Occasionally, the mask would slip and each could see in the other’s eyes the hate and the fear and the threat.

“How did you come to be in the river?”

“The same as you.”

The conversation died and neither man moved for a very long time. Dobkin could feel his mouth becoming drier and his muscles fluttering.

Then the wind blew open a shutter and the lamp went out, and each man let out a long animal scream as he lunged for the other’s throat in the dark.

 

Deborah Gideon lay naked on the tiled floor in the manager’s office of the guest house. Long welts from a whip and small burn marks from a cigarette covered her back. There was blood on her thighs, legs, and buttocks as well, from wounds caused, apparently, by some animal.

Ahmed Rish washed his hands and face in a bowl of water. “Have her shot,” he said to Hamadi.

Hamadi called out to the duty man at the front desk. “Kassim.”

Rish dried his hands. What the girl had told him about Israeli numbers, defenses, and dispositions was not much more than he had already found out the hard way. But now he could fabricate his own intelligence report and his men would believe him. “We can be on that hill within an hour, Salem, if the
Sherji
stays with us. It will literally propel the men up that slope and hide their movements and sounds as well.”

Hamadi nodded. The wind must have been sent by Allah, for if it hadn’t come, he knew that he and Rish would have been murdered by their own men. Strangely, only Rish seemed unaware of this. “I will assemble our people.”

“Good.” He looked down at Deborah Gideon, then at the duty man who was staring at her. “Yes, yes, Kassim, you may use her. Then shoot her and burn the body and throw the ashes in the river. I want no evidence.” He turned to Hamadi. “A military operation is one thing. Torture and murder are another. We still have to negotiate for the hostages with Israel tomorrow.”

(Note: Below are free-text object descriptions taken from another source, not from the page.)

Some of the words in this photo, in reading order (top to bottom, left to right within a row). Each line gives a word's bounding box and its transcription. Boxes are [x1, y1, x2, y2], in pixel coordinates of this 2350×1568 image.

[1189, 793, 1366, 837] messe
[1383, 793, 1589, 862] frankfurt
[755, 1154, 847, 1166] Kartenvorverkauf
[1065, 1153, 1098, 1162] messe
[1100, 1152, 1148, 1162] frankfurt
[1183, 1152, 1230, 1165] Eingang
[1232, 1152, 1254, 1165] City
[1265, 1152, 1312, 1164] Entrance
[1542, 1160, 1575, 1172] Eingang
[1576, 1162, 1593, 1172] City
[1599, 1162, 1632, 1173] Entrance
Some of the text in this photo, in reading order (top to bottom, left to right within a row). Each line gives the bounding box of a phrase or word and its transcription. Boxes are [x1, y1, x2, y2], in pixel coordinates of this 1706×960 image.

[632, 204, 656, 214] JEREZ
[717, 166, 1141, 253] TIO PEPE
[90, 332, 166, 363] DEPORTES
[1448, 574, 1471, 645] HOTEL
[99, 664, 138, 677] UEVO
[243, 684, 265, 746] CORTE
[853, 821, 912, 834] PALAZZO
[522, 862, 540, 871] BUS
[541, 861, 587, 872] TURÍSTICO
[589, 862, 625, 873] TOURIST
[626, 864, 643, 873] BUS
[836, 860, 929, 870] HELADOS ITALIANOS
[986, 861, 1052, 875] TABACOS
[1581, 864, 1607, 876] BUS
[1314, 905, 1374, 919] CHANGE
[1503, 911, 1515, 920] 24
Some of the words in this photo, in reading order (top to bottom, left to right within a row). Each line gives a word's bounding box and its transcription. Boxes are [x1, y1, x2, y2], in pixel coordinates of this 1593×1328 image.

Hamadi nodded. Rish drew fine and meaningless lines as only an insane man could. If he weren’t a hero to the whole Palestinian people, Hamadi would himself have murdered him long ago. The image of Rish, on his hands and knees biting that girl, turned his stomach. He, Hamadi, had tortured before, but this thing that Rish had done was something quite different. The whips and cigarettes had undoubtedly hurt the girl more than the bites, but it was the sheer animal terror of the madman snapping and howling and ripping into her flesh that had made her scream out everything he wanted to know. Hamadi could hardly blame her. He only hoped that the men outside did not understand what was happening. Hamadi turned and walked out of the room and through the small lobby onto the veranda.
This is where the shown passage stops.